Top of DATA TO EXAMINE

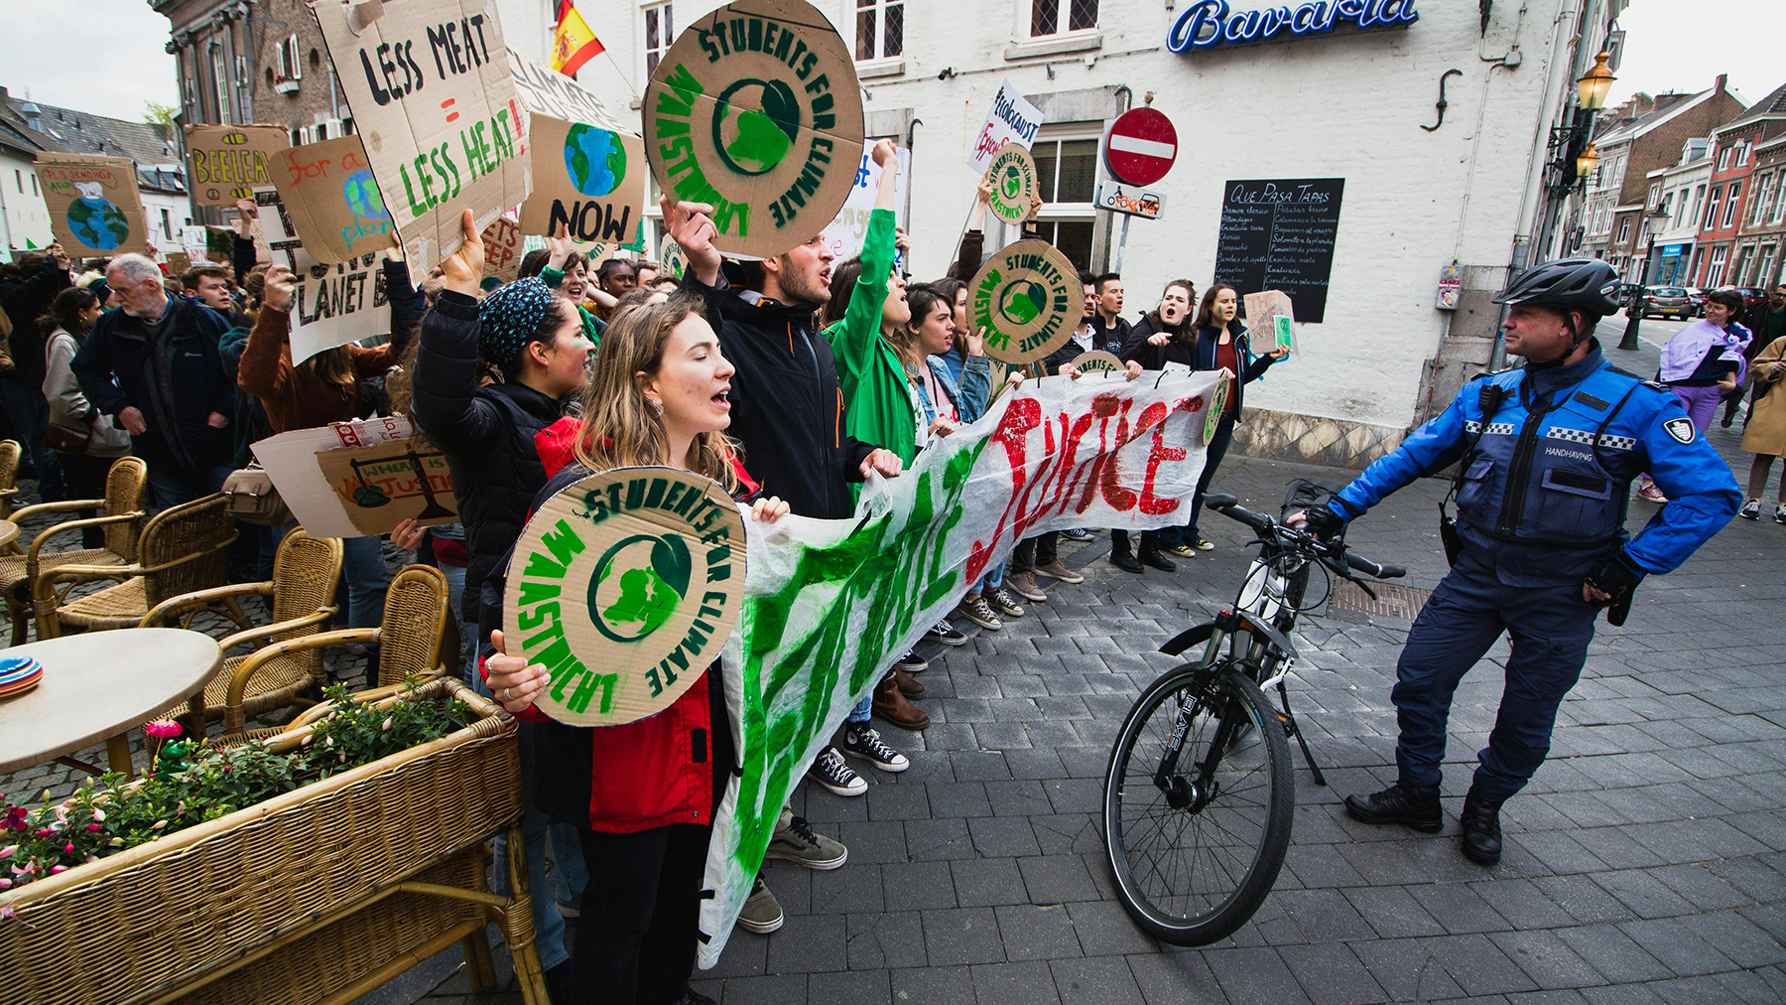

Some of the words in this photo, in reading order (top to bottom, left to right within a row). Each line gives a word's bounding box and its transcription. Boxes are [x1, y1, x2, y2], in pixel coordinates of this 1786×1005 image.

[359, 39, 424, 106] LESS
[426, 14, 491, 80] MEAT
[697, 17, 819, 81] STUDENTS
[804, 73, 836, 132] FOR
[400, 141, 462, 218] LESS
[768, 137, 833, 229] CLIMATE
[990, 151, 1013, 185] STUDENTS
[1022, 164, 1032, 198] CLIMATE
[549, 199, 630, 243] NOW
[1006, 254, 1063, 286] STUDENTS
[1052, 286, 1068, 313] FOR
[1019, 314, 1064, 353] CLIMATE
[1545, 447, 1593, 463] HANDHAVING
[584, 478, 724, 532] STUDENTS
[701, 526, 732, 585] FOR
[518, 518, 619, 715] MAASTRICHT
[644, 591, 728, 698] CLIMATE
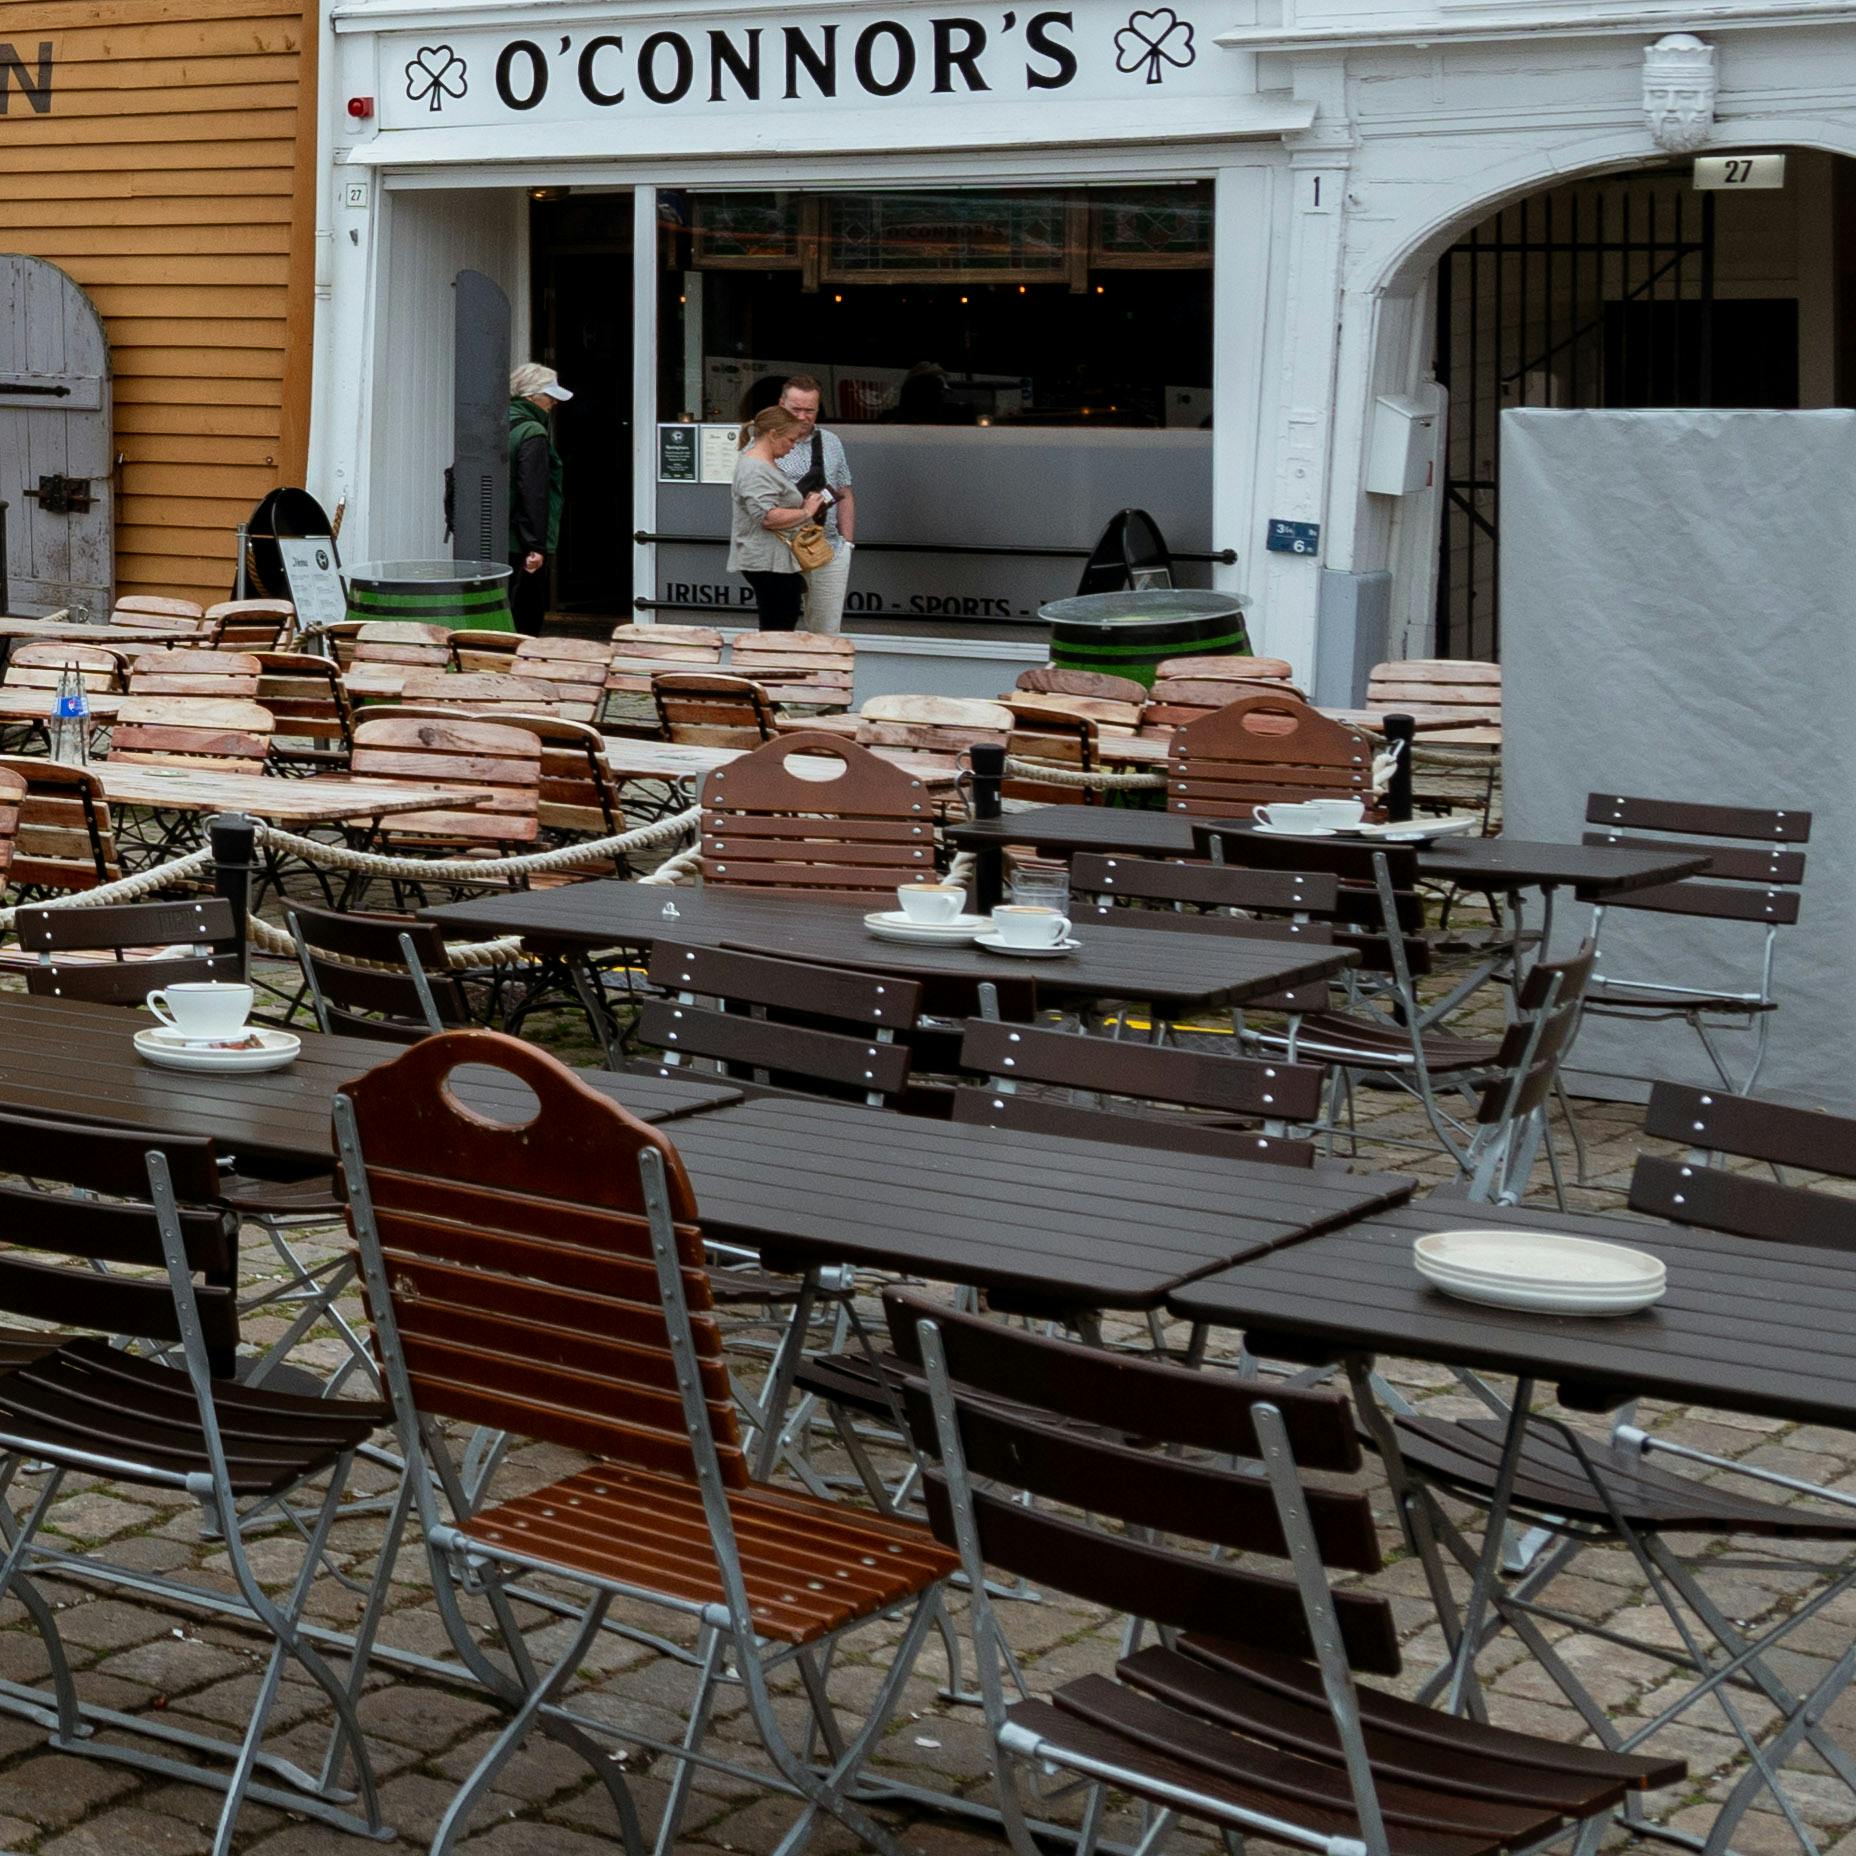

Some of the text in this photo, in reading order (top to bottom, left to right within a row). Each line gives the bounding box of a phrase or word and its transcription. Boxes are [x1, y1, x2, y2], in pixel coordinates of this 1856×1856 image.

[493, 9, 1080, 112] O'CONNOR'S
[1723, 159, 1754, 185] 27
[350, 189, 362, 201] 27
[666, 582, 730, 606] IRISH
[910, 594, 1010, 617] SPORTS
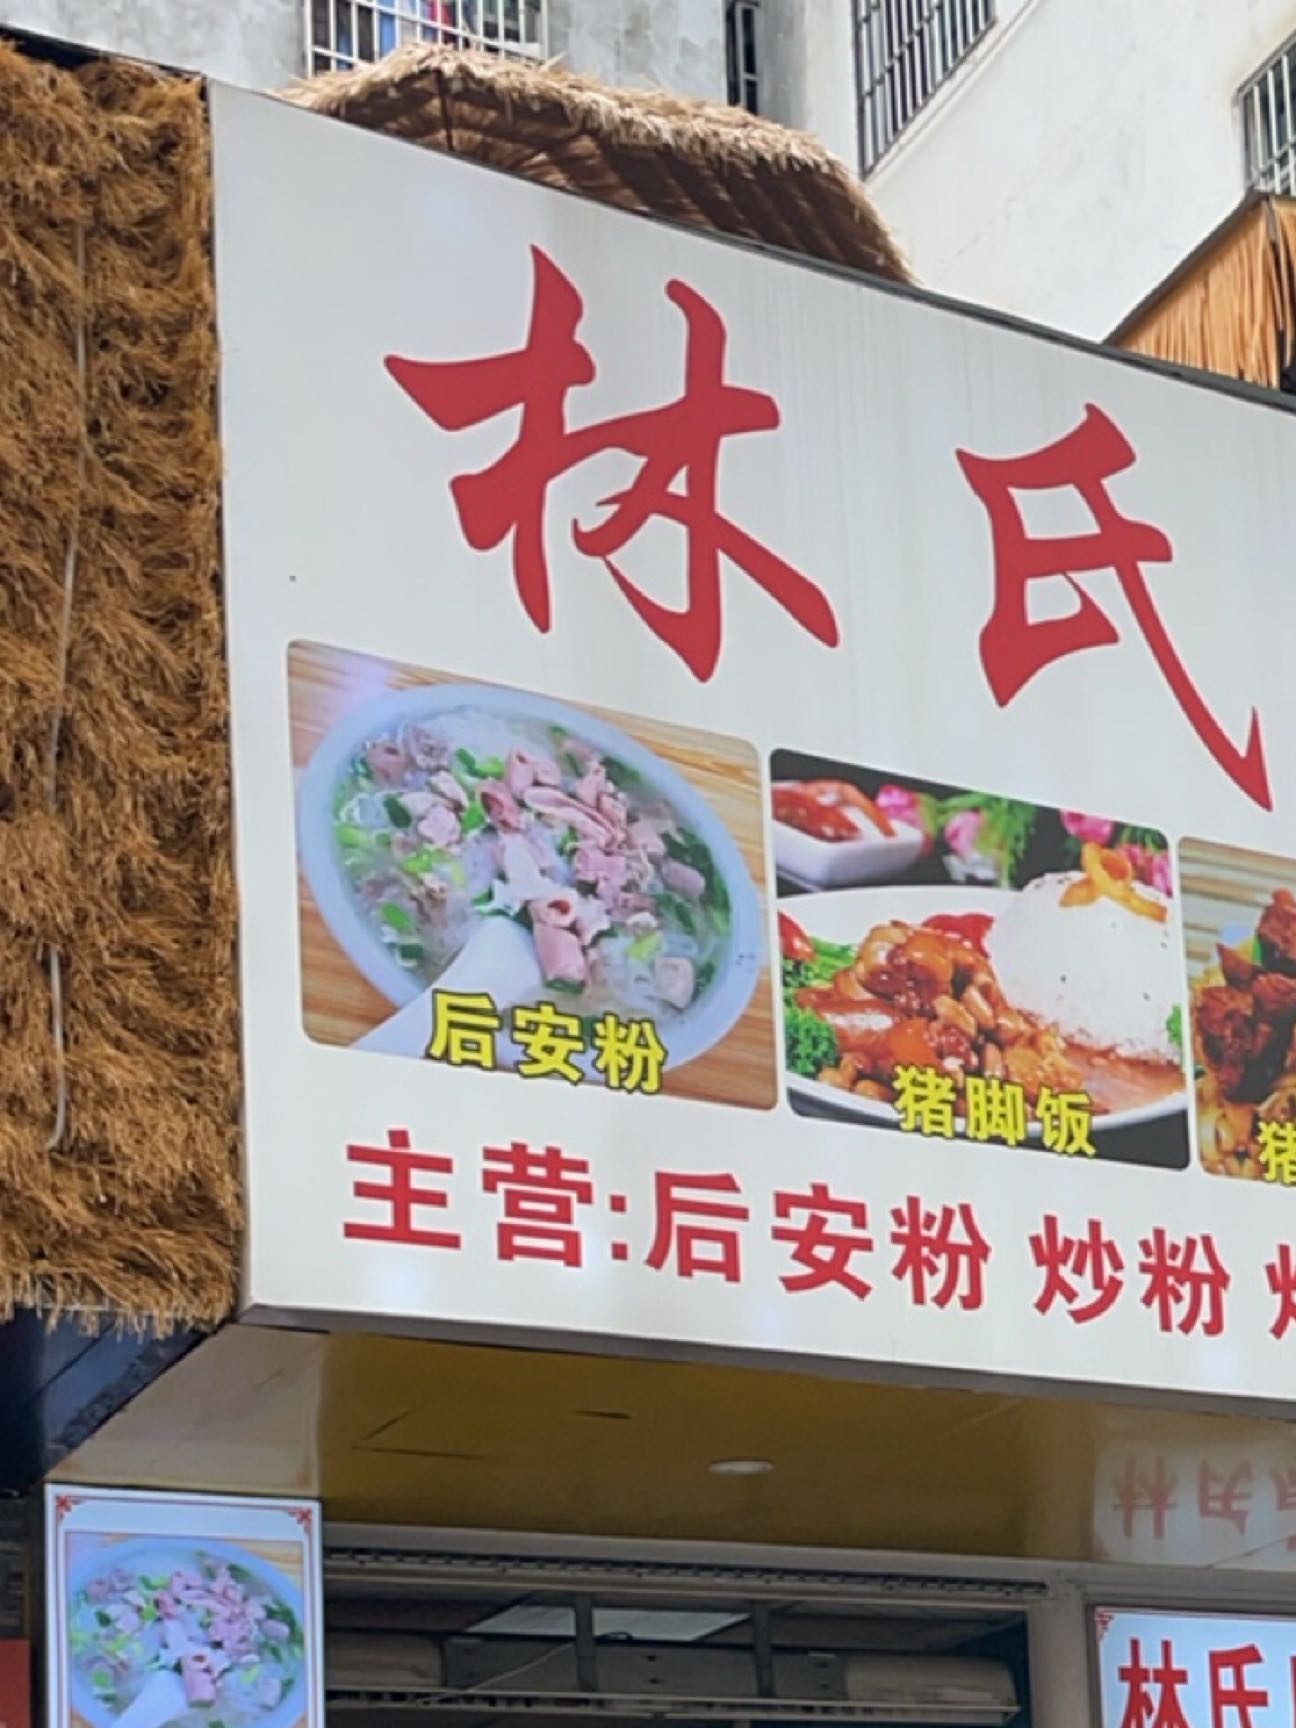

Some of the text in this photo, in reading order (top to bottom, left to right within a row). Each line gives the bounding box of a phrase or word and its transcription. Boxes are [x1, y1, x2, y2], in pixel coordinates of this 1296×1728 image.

Bottom of DATA TO EXAMINE

WHAT YOU WILL DO: Pictures do not belong in the copy. Repeat exactly each line from the one with "this 1856×1856 image." through the end of the listing.

COMPLETED TASK:
Some of the text in this photo, in reading order (top to bottom, left to right within a row). Each line gives the bounding box of a phrase or word and its transcription. Boxes are [x1, y1, x2, y2], in pixel coordinates of this 1856×1856 image.

[493, 9, 1080, 112] O'CONNOR'S
[1723, 159, 1754, 185] 27
[350, 189, 362, 201] 27
[666, 582, 730, 606] IRISH
[910, 594, 1010, 617] SPORTS

Some of the text in this photo, in reading order (top to bottom, left to right within a row). Each line gives the bounding box of a phrase or word and its transcription. Boxes are [x1, y1, x2, y2], in pixel coordinates of this 1296×1728 image.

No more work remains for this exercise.